Nigeria won its fifth FIFA Under 17-World Cup by beating Mali in the 2015 final held on November 8 in Viña Del Mar, Chile. Nigeria has dominated this level of world soccer by virtue of its appearance in eight finals of the 16 tournaments to date. As if not enough this was a repeat victory to defend the cup won in the UAE in 2013. Repeat victories are rare and more so in world finals of any sport. But nothing is, as it seems. I for one find more comfort in search of a deeper wider context. The seaside host city for the final presented an opportunity to show that deeper wider context: and how that country and the Pacific Coast of South America intersect with African history, art, and soccer.

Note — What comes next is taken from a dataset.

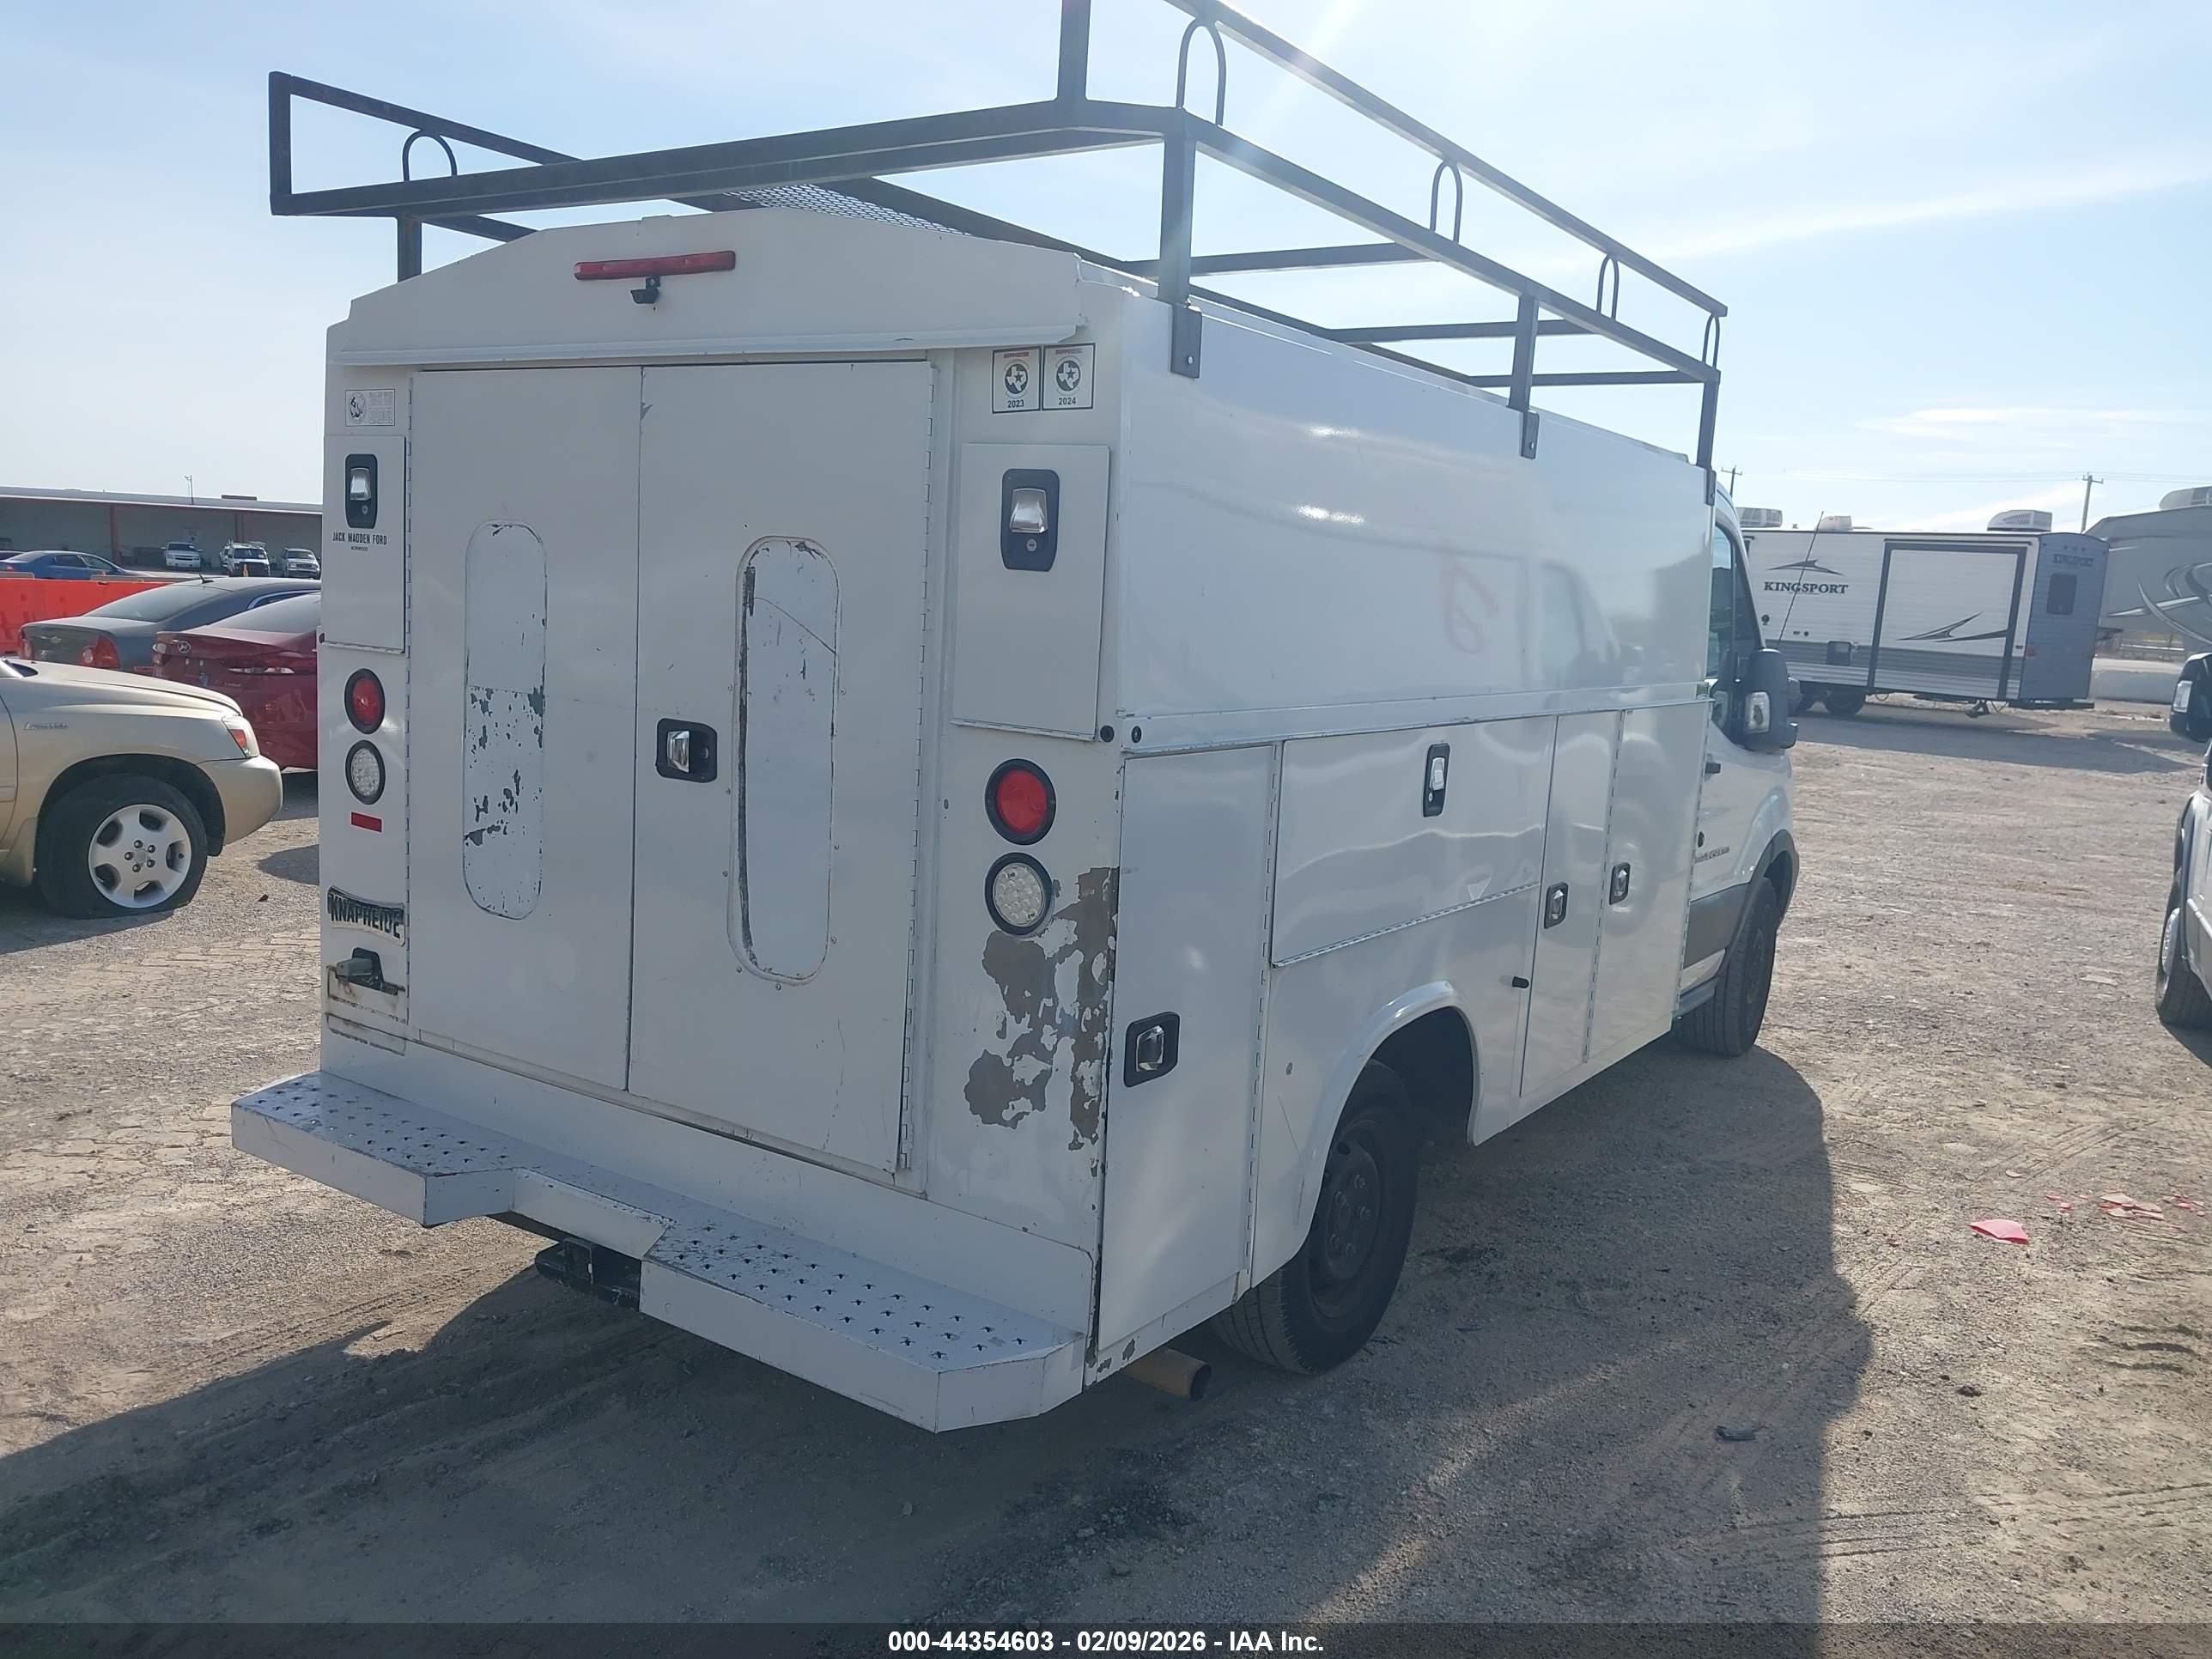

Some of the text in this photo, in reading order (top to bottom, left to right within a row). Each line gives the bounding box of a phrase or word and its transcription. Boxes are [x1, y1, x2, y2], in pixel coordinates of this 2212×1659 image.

[1007, 399, 1024, 408] 2023
[1058, 397, 1077, 405] 2024
[332, 532, 387, 545] JACK MADDEN FORD
[1764, 581, 1849, 594] KINGSPORT

Nigeria: Under 17 Soccer World Cup Champions 2015 
Equally remarkable as Nigeria’s 5 cups, is that this was the second all-African under-17 soccer final: Ghana and Nigeria had that honor in Japan 1993. These victories demonstrate Nigeria’s and Africa’s superiority over this age group in soccer. Africa is the winningest continent at this level with 7 World-Cups which is more than twice as many as Europe’s 3. Superiority here is not some unintelligent question of brain-size and race. It’s a question about the method of expression, the art, measured by creativity, agility, speed and goals. The game’s agreed King, the Brazilian Edson Arantes Do Nascimento, ‘Pele’, called this style ‘The Beautiful Game’.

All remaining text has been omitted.